A public hearing was held when the concept went before the planning commission last month. A concern voiced at the time was over accessibility issues, as Community Development Director Jeff Sargent said the area was used by some as a “main thoroughfare” to get into the store. Changes to it, especially during kiosk construction when the entrance will not be usable, could cause a hindrance, Sargent said.
Upon questioning from Council Member Jonathon London on the loss of parking, Hoyt argued that a loss of the side lot could potentially relieve use of the front stalls. He reasoned that those who are currently driving to the store to claim their online orders take up front spaces that would be better served by those who are planning on spending more time at the store. Hy-Vee was constructed under the agreement that at least 565 stalls be constructed, and that requirement is still met with the removal of the side lot.
London also asked if the concept was too extreme compared to what competitors were already doing.
“Most stores don’t have three lanes,” London said. “They have a couple car posts at Target, and these other guys that are ahead of you in this game.”
The concept is a little different from competitors. Those that use the online pickup service, called Aisles Online, are able to add grocery items, including fresh produce and frozen items, as well as household and health/beauty products.
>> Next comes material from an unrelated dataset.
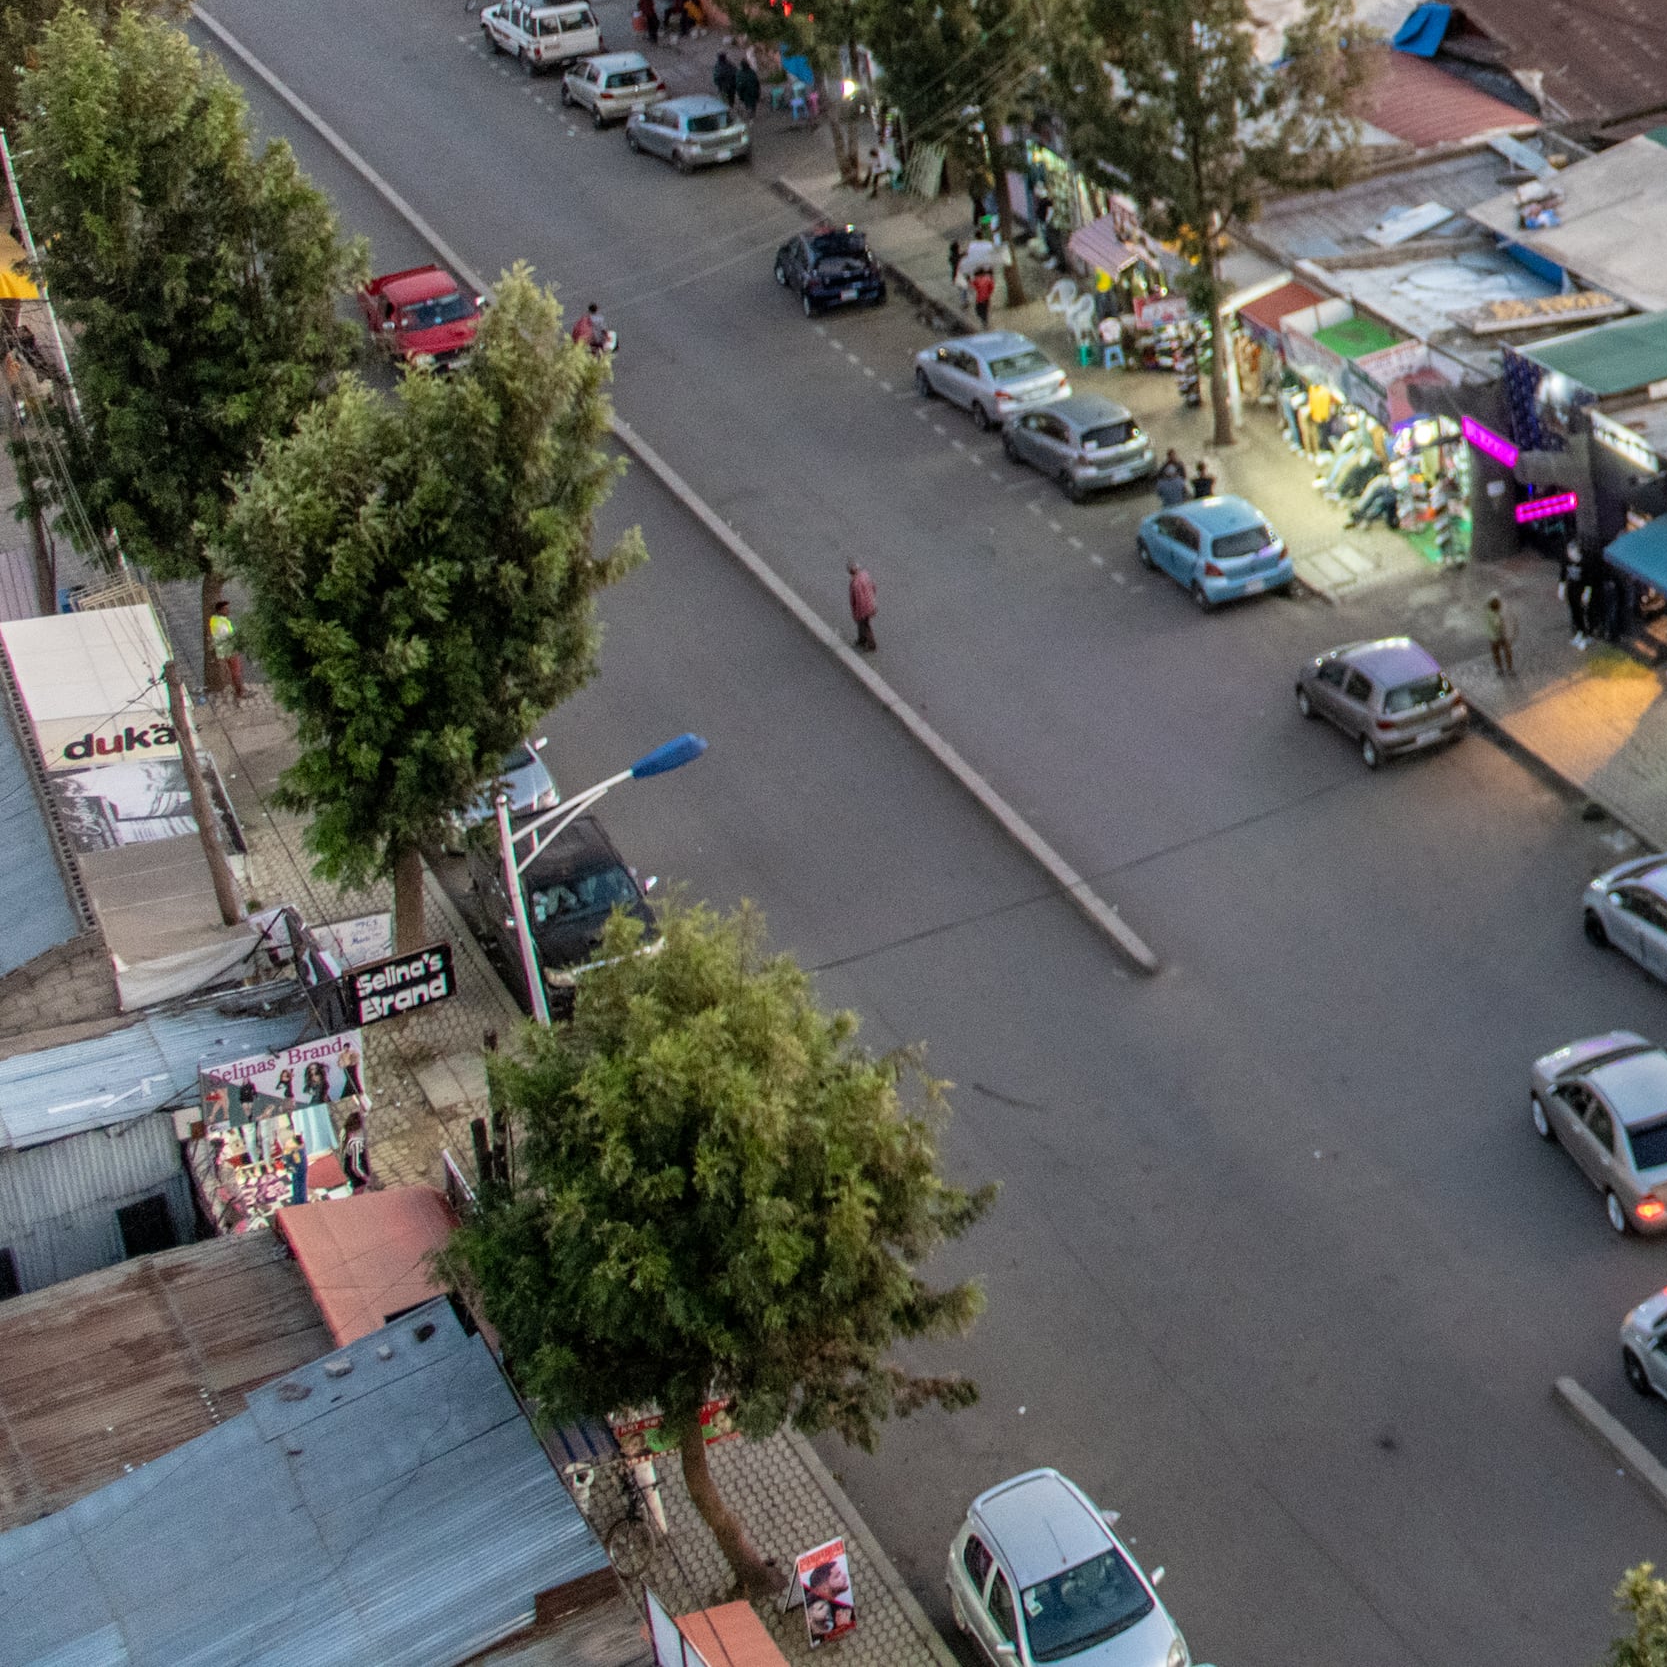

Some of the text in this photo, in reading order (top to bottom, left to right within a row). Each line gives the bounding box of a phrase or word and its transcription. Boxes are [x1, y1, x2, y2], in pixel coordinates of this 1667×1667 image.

[356, 952, 443, 998] Selina's
[360, 972, 449, 1025] Brand
[208, 1036, 343, 1084] Selinas Brand
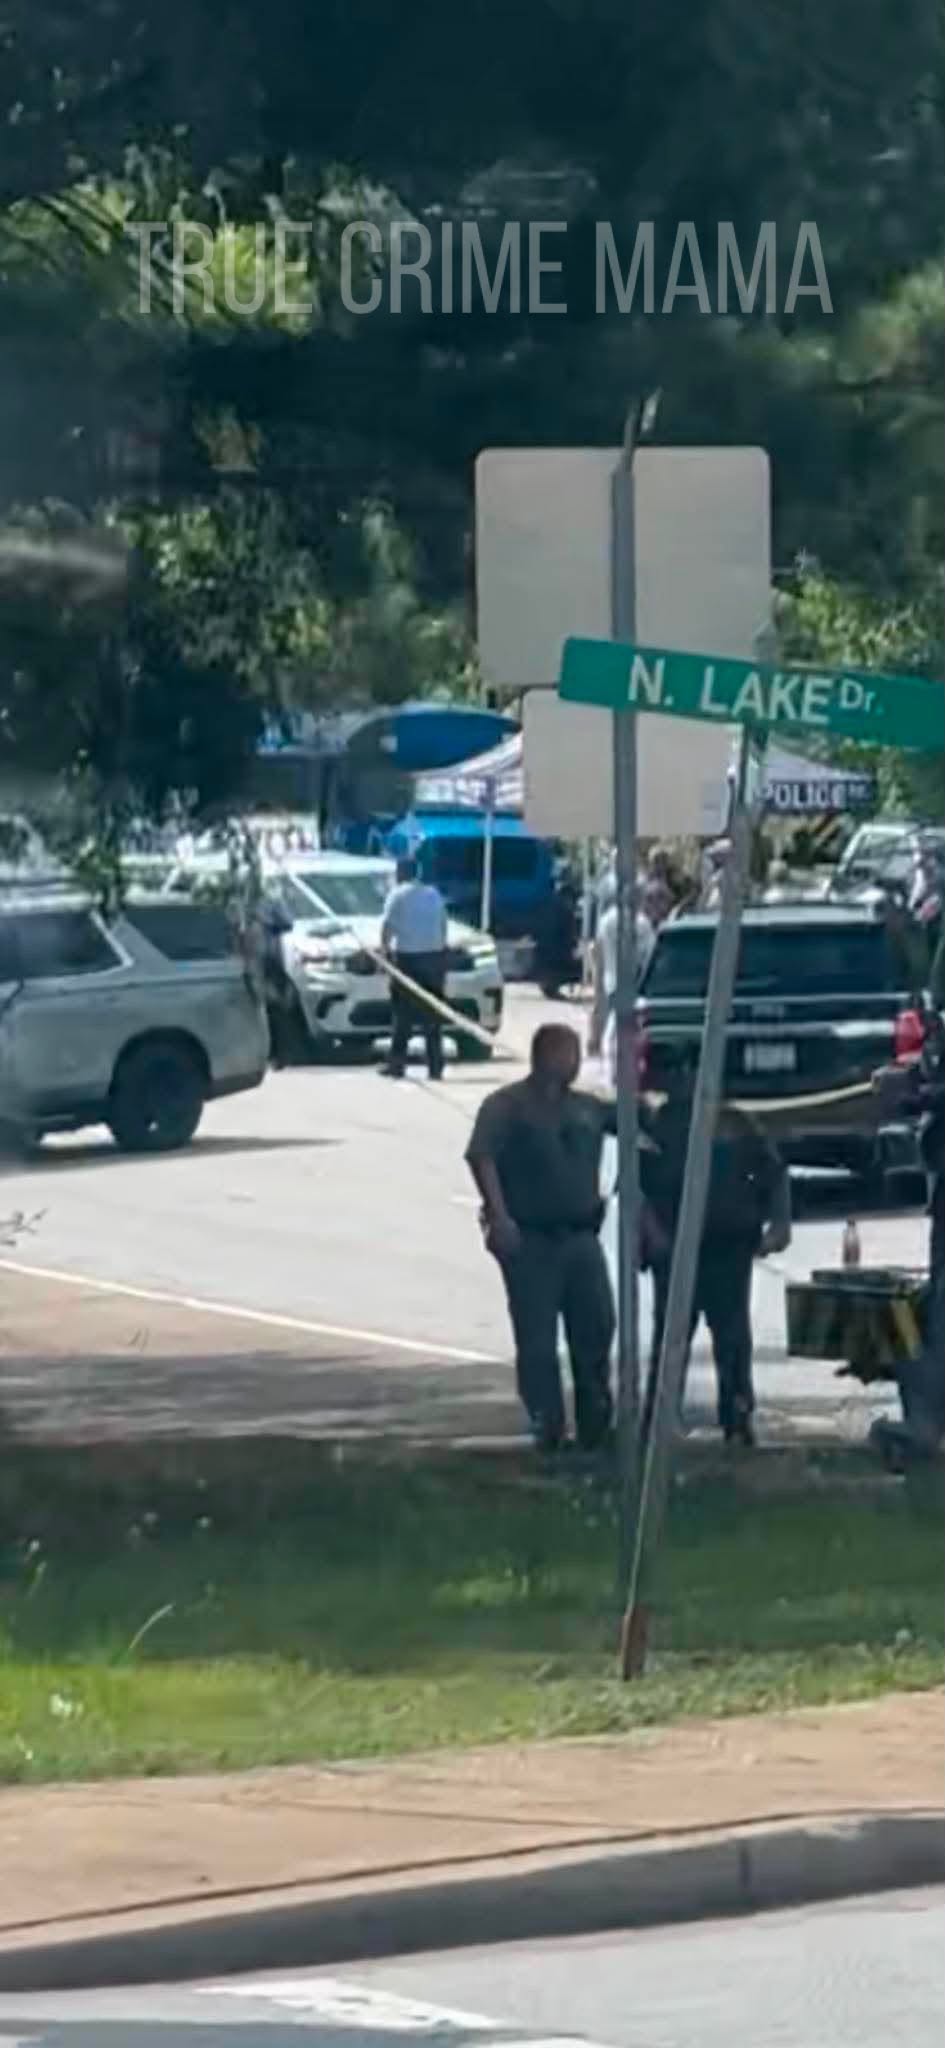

The items are not pulled off shelves in store; instead, they are gathered from a separate facility and transported to the location nearest the customer.
Hoyt said with products off-site, online customers will have more options than what is in store but still not interfere with the traditional shopping experience.
“You won’t be competing with our store employees, shopping for online orders throughout the store,” he said.
Pharmacy amenities, which are nearby the proposed site, will remain. Employees who parked in the outgoing lot will be told to park closer to the gas station.
Mayor Kathi Hemken said she believed the proposal would be less dangerous than the pickup system that exists on the property now. Council Member Andy Hoffe agreed, complimenting the three-lane system to prevent a line of cars from “stacking up.”
“If it means less people in the aisles, I’m all for it,” said Council Member John Elder, who said he shopped at the store weekly. He asked that signs be “very clear” so drivers entering the parking lot can understand how to maneuver the lot during construction.
Hoyt said the business plans for kiosks to be a “growing part of our offering.”
“We want this to be in all of our stores,” Hoyt said.